The structure–pharmacological activity relationships generally accepted for antitumor platinum compounds stressed the necessity for the cis ‐[PtX ₂ (amine) ₂ ] structure while the trans ‐[PtX ₂ (amine) ₂ ] structure was considered inactive. However, more recently, several trans ‐platinum complexes have been identified which are potently toxic, antitumor‐active and demonstrate activity distinct from that of conventional cisplatin ( cis ‐[PtCl ₂ (NH ₃ ) ₂ ]). We have shown in the previous report that the replacement of ammine ligands by iminoether in transplatin ( trans ‐[PtCl ₂ (NH ₃ ) ₂ ]) results in a marked enhancement of its cytotoxicity so that it is more cytotoxic than its cis congener and exhibits significant antitumor activity, including activity in cisplatin‐resistant tumor cells.
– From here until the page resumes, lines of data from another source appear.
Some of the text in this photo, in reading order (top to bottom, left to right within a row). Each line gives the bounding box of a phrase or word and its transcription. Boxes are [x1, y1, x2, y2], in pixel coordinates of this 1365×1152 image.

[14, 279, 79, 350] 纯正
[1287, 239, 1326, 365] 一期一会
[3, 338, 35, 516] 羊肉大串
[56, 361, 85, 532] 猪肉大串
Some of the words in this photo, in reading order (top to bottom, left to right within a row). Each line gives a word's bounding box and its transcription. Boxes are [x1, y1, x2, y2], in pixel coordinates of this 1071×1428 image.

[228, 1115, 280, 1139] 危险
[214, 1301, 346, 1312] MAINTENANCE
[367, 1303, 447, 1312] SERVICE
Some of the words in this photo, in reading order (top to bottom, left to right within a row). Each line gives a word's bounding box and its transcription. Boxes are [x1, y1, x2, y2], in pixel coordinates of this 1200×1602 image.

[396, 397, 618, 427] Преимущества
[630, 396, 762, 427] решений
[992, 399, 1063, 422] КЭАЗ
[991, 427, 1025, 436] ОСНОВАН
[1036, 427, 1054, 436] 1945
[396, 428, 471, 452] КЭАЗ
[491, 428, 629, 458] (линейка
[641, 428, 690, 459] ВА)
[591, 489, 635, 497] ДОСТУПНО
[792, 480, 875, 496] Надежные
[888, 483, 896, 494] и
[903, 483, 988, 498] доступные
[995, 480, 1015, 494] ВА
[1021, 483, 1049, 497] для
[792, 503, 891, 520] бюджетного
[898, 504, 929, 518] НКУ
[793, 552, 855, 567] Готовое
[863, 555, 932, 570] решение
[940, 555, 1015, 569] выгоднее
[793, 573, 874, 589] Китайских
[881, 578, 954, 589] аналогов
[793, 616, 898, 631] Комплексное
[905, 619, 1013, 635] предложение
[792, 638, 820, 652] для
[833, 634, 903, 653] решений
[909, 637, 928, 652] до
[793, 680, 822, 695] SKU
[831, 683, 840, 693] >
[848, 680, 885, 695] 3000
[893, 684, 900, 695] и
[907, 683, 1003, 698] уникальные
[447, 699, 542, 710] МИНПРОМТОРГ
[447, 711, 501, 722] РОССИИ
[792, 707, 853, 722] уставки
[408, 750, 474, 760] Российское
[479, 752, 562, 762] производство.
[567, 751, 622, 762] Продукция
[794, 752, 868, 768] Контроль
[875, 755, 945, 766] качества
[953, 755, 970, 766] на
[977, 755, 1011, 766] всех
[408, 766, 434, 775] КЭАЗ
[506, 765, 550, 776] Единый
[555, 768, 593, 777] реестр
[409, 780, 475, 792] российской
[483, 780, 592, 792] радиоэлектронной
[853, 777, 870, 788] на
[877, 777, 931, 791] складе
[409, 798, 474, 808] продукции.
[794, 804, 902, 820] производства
In addition, we have also shown previously that this new trans compound ( trans ‐[PtCl ₂ ( E ‐iminoether) ₂ ]) forms mainly monofunctional adducts at guanine residues on DNA, which is generally accepted to be the cellular target of platinum drugs. In order to shed light on the mechanism underlying the antitumor activity of trans ‐[PtCl ₂ ( E ‐iminoether) ₂ ] we examined oligodeoxyribonucleotide duplexes containing a single, site‐specific, monofunctional adduct of this transplatin analog by the methods of molecular biophysics. The results indicate that major monofunctional adducts of trans ‐[PtCl ₂ ( E ‐iminoether) ₂ ] locally distort DNA, bend the DNA axis by 21° toward the minor groove, are not recognized by HMGB1 proteins and are readily removed from DNA by nucleotide excision repair (NER). In addition, the monofunctional adducts of trans ‐[PtCl ₂ ( E ‐iminoether) ₂ ] readily cross‐link proteins, which markedly enhances the efficiency of this adduct to terminate DNA polymerization by DNA polymerases in vitro and to inhibit removal of this adduct from DNA by NER. It is suggested that DNA–protein ternary cross‐links produced by trans ‐[PtCl ₂ ( E ‐iminoether) ₂ ] could persist considerably longer than the non‐cross‐linked monofunctional adducts, which would potentiate toxicity of this antitumor platinum compound toward tumor cells sensitive to this drug. Thus, trans ‐[PtCl ₂ ( E ‐iminoether) ₂ ] represents a quite new class of platinum antitumor drugs in which activation of trans geometry is associated with an increased efficiency to form DNA–protein ternary cross‐links thereby acting by a different mechanism from ‘classical’ cisplatin and its analogs.